**THE DATA:**
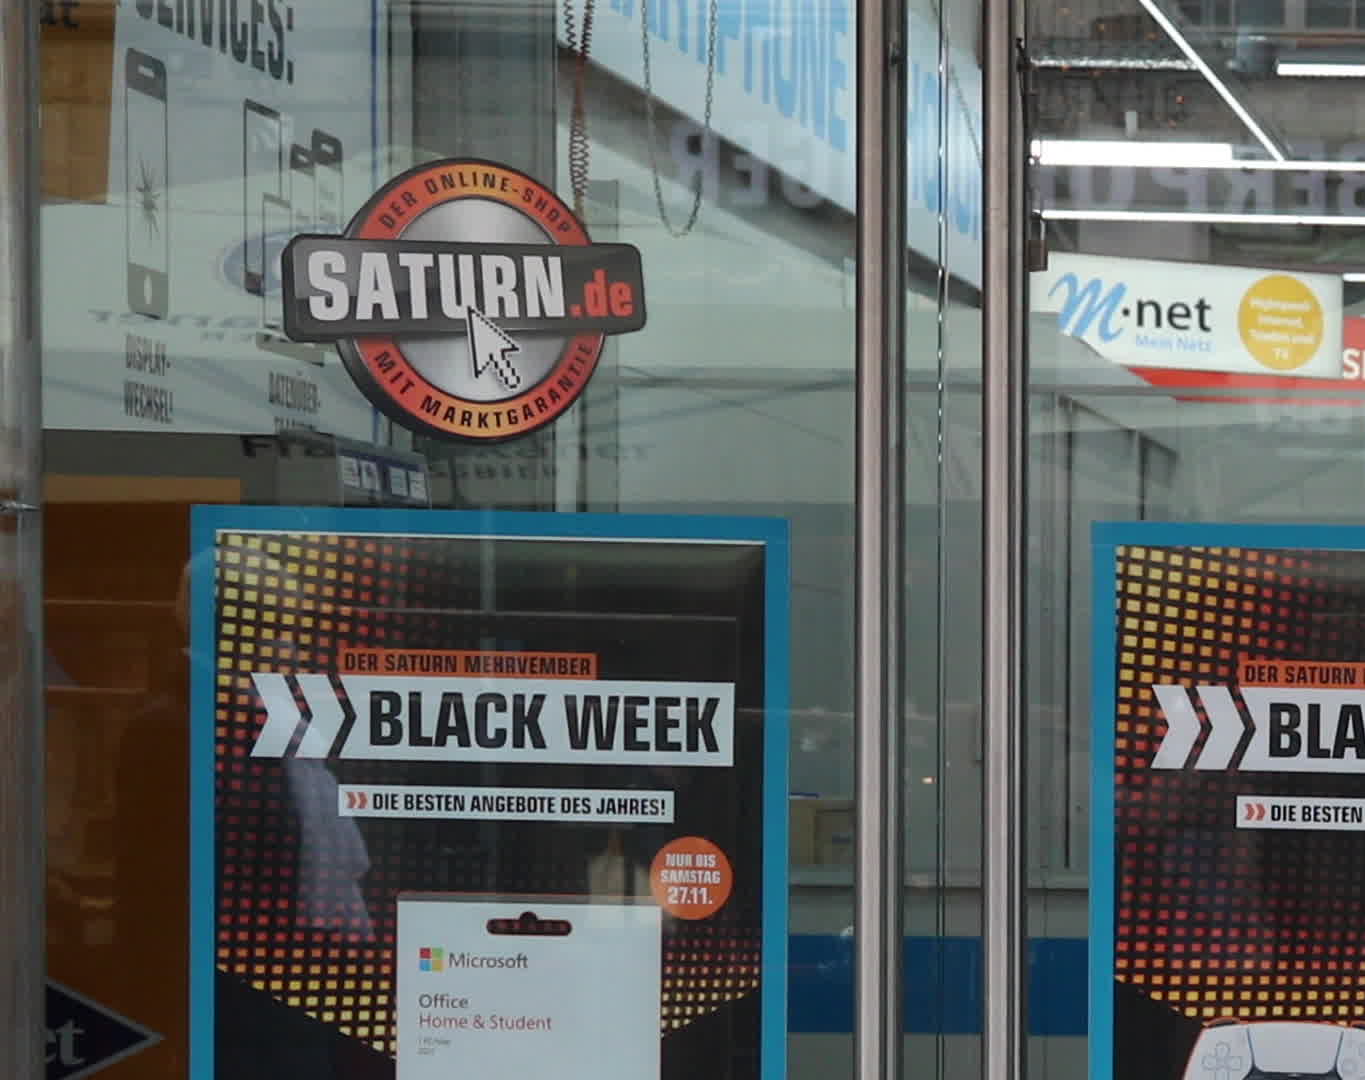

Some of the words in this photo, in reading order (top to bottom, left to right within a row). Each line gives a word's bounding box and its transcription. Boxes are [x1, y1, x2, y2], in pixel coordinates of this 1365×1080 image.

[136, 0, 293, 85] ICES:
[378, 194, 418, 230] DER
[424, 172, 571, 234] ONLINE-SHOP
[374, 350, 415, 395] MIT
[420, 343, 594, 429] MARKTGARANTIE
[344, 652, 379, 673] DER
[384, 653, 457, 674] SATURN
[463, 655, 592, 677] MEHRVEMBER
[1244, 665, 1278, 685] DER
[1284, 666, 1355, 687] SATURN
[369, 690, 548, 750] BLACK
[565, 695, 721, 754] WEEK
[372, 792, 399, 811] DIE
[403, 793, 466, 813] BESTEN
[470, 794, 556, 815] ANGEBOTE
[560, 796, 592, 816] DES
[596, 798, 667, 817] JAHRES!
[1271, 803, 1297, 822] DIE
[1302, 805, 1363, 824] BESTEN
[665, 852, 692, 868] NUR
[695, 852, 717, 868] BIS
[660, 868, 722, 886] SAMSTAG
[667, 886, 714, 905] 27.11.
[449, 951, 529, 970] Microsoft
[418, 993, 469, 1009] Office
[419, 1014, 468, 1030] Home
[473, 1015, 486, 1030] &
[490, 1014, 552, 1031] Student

**WHAT TO PRODUCE:**
Only the text of the records belongs in your answer, repeated exactly; the pictures stay out.

**RESPONSE BOX:**
Some of the words in this photo, in reading order (top to bottom, left to right within a row). Each line gives a word's bounding box and its transcription. Boxes are [x1, y1, x2, y2], in pixel coordinates of this 1365×1080 image.

[136, 0, 293, 85] ICES:
[378, 194, 418, 230] DER
[424, 172, 571, 234] ONLINE-SHOP
[374, 350, 415, 395] MIT
[420, 343, 594, 429] MARKTGARANTIE
[344, 652, 379, 673] DER
[384, 653, 457, 674] SATURN
[463, 655, 592, 677] MEHRVEMBER
[1244, 665, 1278, 685] DER
[1284, 666, 1355, 687] SATURN
[369, 690, 548, 750] BLACK
[565, 695, 721, 754] WEEK
[372, 792, 399, 811] DIE
[403, 793, 466, 813] BESTEN
[470, 794, 556, 815] ANGEBOTE
[560, 796, 592, 816] DES
[596, 798, 667, 817] JAHRES!
[1271, 803, 1297, 822] DIE
[1302, 805, 1363, 824] BESTEN
[665, 852, 692, 868] NUR
[695, 852, 717, 868] BIS
[660, 868, 722, 886] SAMSTAG
[667, 886, 714, 905] 27.11.
[449, 951, 529, 970] Microsoft
[418, 993, 469, 1009] Office
[419, 1014, 468, 1030] Home
[473, 1015, 486, 1030] &
[490, 1014, 552, 1031] Student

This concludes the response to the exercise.